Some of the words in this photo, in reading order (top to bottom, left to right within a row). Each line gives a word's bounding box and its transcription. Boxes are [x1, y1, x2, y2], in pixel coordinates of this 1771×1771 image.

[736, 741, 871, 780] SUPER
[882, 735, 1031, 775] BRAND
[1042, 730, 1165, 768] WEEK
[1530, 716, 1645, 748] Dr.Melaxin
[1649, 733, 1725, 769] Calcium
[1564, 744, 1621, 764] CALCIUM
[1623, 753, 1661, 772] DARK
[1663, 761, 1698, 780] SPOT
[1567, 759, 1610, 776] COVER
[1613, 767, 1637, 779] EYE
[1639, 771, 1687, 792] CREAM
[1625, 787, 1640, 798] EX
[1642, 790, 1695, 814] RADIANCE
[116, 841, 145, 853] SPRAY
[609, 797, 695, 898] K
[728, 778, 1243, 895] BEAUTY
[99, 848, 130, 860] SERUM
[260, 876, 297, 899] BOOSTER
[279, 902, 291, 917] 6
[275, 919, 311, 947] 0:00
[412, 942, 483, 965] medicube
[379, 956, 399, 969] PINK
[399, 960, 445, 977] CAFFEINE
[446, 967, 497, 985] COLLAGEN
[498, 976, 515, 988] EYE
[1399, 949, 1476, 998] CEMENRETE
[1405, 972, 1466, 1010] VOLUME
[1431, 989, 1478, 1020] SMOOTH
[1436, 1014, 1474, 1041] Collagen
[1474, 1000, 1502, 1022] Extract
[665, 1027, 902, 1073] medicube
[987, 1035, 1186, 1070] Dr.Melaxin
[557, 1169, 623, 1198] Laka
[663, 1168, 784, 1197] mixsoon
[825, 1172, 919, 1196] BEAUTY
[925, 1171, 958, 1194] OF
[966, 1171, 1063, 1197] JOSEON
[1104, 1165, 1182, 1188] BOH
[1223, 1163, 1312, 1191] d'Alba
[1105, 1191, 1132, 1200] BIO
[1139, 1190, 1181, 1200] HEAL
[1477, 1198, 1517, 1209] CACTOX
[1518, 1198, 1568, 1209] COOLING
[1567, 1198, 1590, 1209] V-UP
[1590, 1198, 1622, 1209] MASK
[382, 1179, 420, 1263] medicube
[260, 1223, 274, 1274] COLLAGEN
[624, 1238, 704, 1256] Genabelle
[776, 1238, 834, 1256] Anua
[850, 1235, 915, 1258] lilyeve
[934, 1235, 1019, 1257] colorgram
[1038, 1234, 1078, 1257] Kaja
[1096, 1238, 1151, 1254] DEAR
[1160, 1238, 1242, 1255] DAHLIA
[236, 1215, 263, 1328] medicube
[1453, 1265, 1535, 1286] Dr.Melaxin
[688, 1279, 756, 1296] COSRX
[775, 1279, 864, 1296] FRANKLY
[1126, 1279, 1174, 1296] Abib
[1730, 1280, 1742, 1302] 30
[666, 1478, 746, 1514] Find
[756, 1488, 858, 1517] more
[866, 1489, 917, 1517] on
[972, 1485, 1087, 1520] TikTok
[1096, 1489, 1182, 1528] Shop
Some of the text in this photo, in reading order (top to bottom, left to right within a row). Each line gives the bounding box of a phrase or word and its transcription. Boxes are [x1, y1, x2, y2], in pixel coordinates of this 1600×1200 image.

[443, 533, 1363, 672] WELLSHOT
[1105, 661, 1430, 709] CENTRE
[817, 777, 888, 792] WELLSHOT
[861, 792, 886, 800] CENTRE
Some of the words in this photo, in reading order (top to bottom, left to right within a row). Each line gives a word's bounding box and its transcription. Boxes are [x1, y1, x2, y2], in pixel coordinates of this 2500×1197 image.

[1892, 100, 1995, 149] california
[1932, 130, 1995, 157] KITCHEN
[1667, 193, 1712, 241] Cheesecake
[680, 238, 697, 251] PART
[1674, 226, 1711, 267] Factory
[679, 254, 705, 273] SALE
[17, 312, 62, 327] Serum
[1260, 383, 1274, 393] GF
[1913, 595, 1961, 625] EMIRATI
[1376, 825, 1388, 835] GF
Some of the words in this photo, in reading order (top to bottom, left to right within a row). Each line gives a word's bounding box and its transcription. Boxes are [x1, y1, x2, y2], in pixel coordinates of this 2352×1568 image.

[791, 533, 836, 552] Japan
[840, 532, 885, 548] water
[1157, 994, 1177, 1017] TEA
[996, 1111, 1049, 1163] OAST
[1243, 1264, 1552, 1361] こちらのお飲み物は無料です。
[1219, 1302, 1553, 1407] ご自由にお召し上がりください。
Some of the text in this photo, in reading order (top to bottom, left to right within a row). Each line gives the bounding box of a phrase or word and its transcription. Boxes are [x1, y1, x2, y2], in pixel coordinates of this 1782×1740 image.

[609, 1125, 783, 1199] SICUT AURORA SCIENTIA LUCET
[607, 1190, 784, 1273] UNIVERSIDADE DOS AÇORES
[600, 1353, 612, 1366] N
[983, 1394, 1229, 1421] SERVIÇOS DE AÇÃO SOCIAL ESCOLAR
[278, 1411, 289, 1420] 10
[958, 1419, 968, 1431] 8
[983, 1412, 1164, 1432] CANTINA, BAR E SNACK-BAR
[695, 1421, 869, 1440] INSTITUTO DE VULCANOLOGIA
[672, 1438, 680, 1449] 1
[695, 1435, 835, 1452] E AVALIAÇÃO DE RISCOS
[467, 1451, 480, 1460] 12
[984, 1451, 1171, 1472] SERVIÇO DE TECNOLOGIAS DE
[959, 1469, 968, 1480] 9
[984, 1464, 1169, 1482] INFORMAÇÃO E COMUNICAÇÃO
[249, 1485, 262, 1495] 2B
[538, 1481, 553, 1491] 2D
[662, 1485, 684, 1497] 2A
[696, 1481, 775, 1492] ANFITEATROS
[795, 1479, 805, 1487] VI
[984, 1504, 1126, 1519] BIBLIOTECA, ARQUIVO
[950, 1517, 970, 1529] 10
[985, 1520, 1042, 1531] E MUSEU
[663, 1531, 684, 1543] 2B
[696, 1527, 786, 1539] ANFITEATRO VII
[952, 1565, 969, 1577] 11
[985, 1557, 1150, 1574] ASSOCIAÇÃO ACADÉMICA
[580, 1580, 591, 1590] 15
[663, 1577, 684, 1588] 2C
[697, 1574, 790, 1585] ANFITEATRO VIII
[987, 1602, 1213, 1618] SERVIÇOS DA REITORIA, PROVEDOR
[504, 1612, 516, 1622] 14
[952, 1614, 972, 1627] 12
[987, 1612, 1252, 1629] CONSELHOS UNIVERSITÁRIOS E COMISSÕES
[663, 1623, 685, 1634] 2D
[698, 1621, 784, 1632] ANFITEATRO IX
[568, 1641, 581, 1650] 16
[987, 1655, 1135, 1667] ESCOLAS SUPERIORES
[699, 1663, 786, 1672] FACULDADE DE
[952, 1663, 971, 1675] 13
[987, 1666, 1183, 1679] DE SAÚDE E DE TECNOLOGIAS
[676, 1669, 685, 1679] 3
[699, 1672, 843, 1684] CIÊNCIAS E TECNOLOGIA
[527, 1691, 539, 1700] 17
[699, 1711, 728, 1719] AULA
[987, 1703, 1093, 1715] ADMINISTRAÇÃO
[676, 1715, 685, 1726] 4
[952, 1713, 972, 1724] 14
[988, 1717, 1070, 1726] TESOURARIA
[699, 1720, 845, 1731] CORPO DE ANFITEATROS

---*---

- Exercise
Print the material word for word, with nothing left out.

- Final answer
Some of the words in this photo, in reading order (top to bottom, left to right within a row). Each line gives a word's bounding box and its transcription. Boxes are [x1, y1, x2, y2], in pixel coordinates of this 1771×1771 image.

[736, 741, 871, 780] SUPER
[882, 735, 1031, 775] BRAND
[1042, 730, 1165, 768] WEEK
[1530, 716, 1645, 748] Dr.Melaxin
[1649, 733, 1725, 769] Calcium
[1564, 744, 1621, 764] CALCIUM
[1623, 753, 1661, 772] DARK
[1663, 761, 1698, 780] SPOT
[1567, 759, 1610, 776] COVER
[1613, 767, 1637, 779] EYE
[1639, 771, 1687, 792] CREAM
[1625, 787, 1640, 798] EX
[1642, 790, 1695, 814] RADIANCE
[116, 841, 145, 853] SPRAY
[609, 797, 695, 898] K
[728, 778, 1243, 895] BEAUTY
[99, 848, 130, 860] SERUM
[260, 876, 297, 899] BOOSTER
[279, 902, 291, 917] 6
[275, 919, 311, 947] 0:00
[412, 942, 483, 965] medicube
[379, 956, 399, 969] PINK
[399, 960, 445, 977] CAFFEINE
[446, 967, 497, 985] COLLAGEN
[498, 976, 515, 988] EYE
[1399, 949, 1476, 998] CEMENRETE
[1405, 972, 1466, 1010] VOLUME
[1431, 989, 1478, 1020] SMOOTH
[1436, 1014, 1474, 1041] Collagen
[1474, 1000, 1502, 1022] Extract
[665, 1027, 902, 1073] medicube
[987, 1035, 1186, 1070] Dr.Melaxin
[557, 1169, 623, 1198] Laka
[663, 1168, 784, 1197] mixsoon
[825, 1172, 919, 1196] BEAUTY
[925, 1171, 958, 1194] OF
[966, 1171, 1063, 1197] JOSEON
[1104, 1165, 1182, 1188] BOH
[1223, 1163, 1312, 1191] d'Alba
[1105, 1191, 1132, 1200] BIO
[1139, 1190, 1181, 1200] HEAL
[1477, 1198, 1517, 1209] CACTOX
[1518, 1198, 1568, 1209] COOLING
[1567, 1198, 1590, 1209] V-UP
[1590, 1198, 1622, 1209] MASK
[382, 1179, 420, 1263] medicube
[260, 1223, 274, 1274] COLLAGEN
[624, 1238, 704, 1256] Genabelle
[776, 1238, 834, 1256] Anua
[850, 1235, 915, 1258] lilyeve
[934, 1235, 1019, 1257] colorgram
[1038, 1234, 1078, 1257] Kaja
[1096, 1238, 1151, 1254] DEAR
[1160, 1238, 1242, 1255] DAHLIA
[236, 1215, 263, 1328] medicube
[1453, 1265, 1535, 1286] Dr.Melaxin
[688, 1279, 756, 1296] COSRX
[775, 1279, 864, 1296] FRANKLY
[1126, 1279, 1174, 1296] Abib
[1730, 1280, 1742, 1302] 30
[666, 1478, 746, 1514] Find
[756, 1488, 858, 1517] more
[866, 1489, 917, 1517] on
[972, 1485, 1087, 1520] TikTok
[1096, 1489, 1182, 1528] Shop
Some of the text in this photo, in reading order (top to bottom, left to right within a row). Each line gives the bounding box of a phrase or word and its transcription. Boxes are [x1, y1, x2, y2], in pixel coordinates of this 1600×1200 image.

[443, 533, 1363, 672] WELLSHOT
[1105, 661, 1430, 709] CENTRE
[817, 777, 888, 792] WELLSHOT
[861, 792, 886, 800] CENTRE
Some of the words in this photo, in reading order (top to bottom, left to right within a row). Each line gives a word's bounding box and its transcription. Boxes are [x1, y1, x2, y2], in pixel coordinates of this 2500×1197 image.

[1892, 100, 1995, 149] california
[1932, 130, 1995, 157] KITCHEN
[1667, 193, 1712, 241] Cheesecake
[680, 238, 697, 251] PART
[1674, 226, 1711, 267] Factory
[679, 254, 705, 273] SALE
[17, 312, 62, 327] Serum
[1260, 383, 1274, 393] GF
[1913, 595, 1961, 625] EMIRATI
[1376, 825, 1388, 835] GF
Some of the words in this photo, in reading order (top to bottom, left to right within a row). Each line gives a word's bounding box and its transcription. Boxes are [x1, y1, x2, y2], in pixel coordinates of this 2352×1568 image.

[791, 533, 836, 552] Japan
[840, 532, 885, 548] water
[1157, 994, 1177, 1017] TEA
[996, 1111, 1049, 1163] OAST
[1243, 1264, 1552, 1361] こちらのお飲み物は無料です。
[1219, 1302, 1553, 1407] ご自由にお召し上がりください。
Some of the text in this photo, in reading order (top to bottom, left to right within a row). Each line gives the bounding box of a phrase or word and its transcription. Boxes are [x1, y1, x2, y2], in pixel coordinates of this 1782×1740 image.

[609, 1125, 783, 1199] SICUT AURORA SCIENTIA LUCET
[607, 1190, 784, 1273] UNIVERSIDADE DOS AÇORES
[600, 1353, 612, 1366] N
[983, 1394, 1229, 1421] SERVIÇOS DE AÇÃO SOCIAL ESCOLAR
[278, 1411, 289, 1420] 10
[958, 1419, 968, 1431] 8
[983, 1412, 1164, 1432] CANTINA, BAR E SNACK-BAR
[695, 1421, 869, 1440] INSTITUTO DE VULCANOLOGIA
[672, 1438, 680, 1449] 1
[695, 1435, 835, 1452] E AVALIAÇÃO DE RISCOS
[467, 1451, 480, 1460] 12
[984, 1451, 1171, 1472] SERVIÇO DE TECNOLOGIAS DE
[959, 1469, 968, 1480] 9
[984, 1464, 1169, 1482] INFORMAÇÃO E COMUNICAÇÃO
[249, 1485, 262, 1495] 2B
[538, 1481, 553, 1491] 2D
[662, 1485, 684, 1497] 2A
[696, 1481, 775, 1492] ANFITEATROS
[795, 1479, 805, 1487] VI
[984, 1504, 1126, 1519] BIBLIOTECA, ARQUIVO
[950, 1517, 970, 1529] 10
[985, 1520, 1042, 1531] E MUSEU
[663, 1531, 684, 1543] 2B
[696, 1527, 786, 1539] ANFITEATRO VII
[952, 1565, 969, 1577] 11
[985, 1557, 1150, 1574] ASSOCIAÇÃO ACADÉMICA
[580, 1580, 591, 1590] 15
[663, 1577, 684, 1588] 2C
[697, 1574, 790, 1585] ANFITEATRO VIII
[987, 1602, 1213, 1618] SERVIÇOS DA REITORIA, PROVEDOR
[504, 1612, 516, 1622] 14
[952, 1614, 972, 1627] 12
[987, 1612, 1252, 1629] CONSELHOS UNIVERSITÁRIOS E COMISSÕES
[663, 1623, 685, 1634] 2D
[698, 1621, 784, 1632] ANFITEATRO IX
[568, 1641, 581, 1650] 16
[987, 1655, 1135, 1667] ESCOLAS SUPERIORES
[699, 1663, 786, 1672] FACULDADE DE
[952, 1663, 971, 1675] 13
[987, 1666, 1183, 1679] DE SAÚDE E DE TECNOLOGIAS
[676, 1669, 685, 1679] 3
[699, 1672, 843, 1684] CIÊNCIAS E TECNOLOGIA
[527, 1691, 539, 1700] 17
[699, 1711, 728, 1719] AULA
[987, 1703, 1093, 1715] ADMINISTRAÇÃO
[676, 1715, 685, 1726] 4
[952, 1713, 972, 1724] 14
[988, 1717, 1070, 1726] TESOURARIA
[699, 1720, 845, 1731] CORPO DE ANFITEATROS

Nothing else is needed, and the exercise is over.